Material supplied below:
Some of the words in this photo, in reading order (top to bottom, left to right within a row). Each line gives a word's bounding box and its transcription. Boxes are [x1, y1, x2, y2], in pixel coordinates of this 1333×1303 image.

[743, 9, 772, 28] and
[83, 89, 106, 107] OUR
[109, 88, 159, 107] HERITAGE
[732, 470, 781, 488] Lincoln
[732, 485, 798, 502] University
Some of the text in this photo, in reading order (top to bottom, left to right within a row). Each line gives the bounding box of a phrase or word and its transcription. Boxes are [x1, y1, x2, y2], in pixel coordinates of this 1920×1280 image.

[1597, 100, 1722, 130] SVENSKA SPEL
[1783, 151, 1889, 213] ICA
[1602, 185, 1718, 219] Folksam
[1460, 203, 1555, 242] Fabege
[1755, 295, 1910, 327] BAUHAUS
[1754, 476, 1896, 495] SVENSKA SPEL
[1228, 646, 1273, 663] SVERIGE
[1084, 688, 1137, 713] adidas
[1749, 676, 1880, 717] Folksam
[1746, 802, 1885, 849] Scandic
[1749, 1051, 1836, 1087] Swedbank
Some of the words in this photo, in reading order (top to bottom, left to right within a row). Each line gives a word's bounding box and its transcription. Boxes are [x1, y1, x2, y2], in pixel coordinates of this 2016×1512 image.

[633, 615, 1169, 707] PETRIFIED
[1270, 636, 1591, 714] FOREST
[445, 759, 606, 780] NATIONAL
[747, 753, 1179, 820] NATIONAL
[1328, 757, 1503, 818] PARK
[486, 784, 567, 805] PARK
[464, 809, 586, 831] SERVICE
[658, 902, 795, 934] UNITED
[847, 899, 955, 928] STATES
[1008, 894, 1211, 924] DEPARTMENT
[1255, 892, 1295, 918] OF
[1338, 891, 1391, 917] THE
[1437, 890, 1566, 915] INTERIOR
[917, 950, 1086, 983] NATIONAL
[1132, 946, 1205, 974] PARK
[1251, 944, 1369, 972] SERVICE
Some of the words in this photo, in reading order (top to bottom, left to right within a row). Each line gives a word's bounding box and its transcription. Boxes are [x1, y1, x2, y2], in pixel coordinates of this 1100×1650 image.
End of Material supplied.
Required action:
The answer must consist of the lines from the one with "this 2016×1512 image." through the final line of the entries above, exactly as they are, and nothing else.

Task output:
Some of the words in this photo, in reading order (top to bottom, left to right within a row). Each line gives a word's bounding box and its transcription. Boxes are [x1, y1, x2, y2], in pixel coordinates of this 2016×1512 image.

[633, 615, 1169, 707] PETRIFIED
[1270, 636, 1591, 714] FOREST
[445, 759, 606, 780] NATIONAL
[747, 753, 1179, 820] NATIONAL
[1328, 757, 1503, 818] PARK
[486, 784, 567, 805] PARK
[464, 809, 586, 831] SERVICE
[658, 902, 795, 934] UNITED
[847, 899, 955, 928] STATES
[1008, 894, 1211, 924] DEPARTMENT
[1255, 892, 1295, 918] OF
[1338, 891, 1391, 917] THE
[1437, 890, 1566, 915] INTERIOR
[917, 950, 1086, 983] NATIONAL
[1132, 946, 1205, 974] PARK
[1251, 944, 1369, 972] SERVICE
Some of the words in this photo, in reading order (top to bottom, left to right within a row). Each line gives a word's bounding box and its transcription. Boxes are [x1, y1, x2, y2], in pixel coordinates of this 1100×1650 image.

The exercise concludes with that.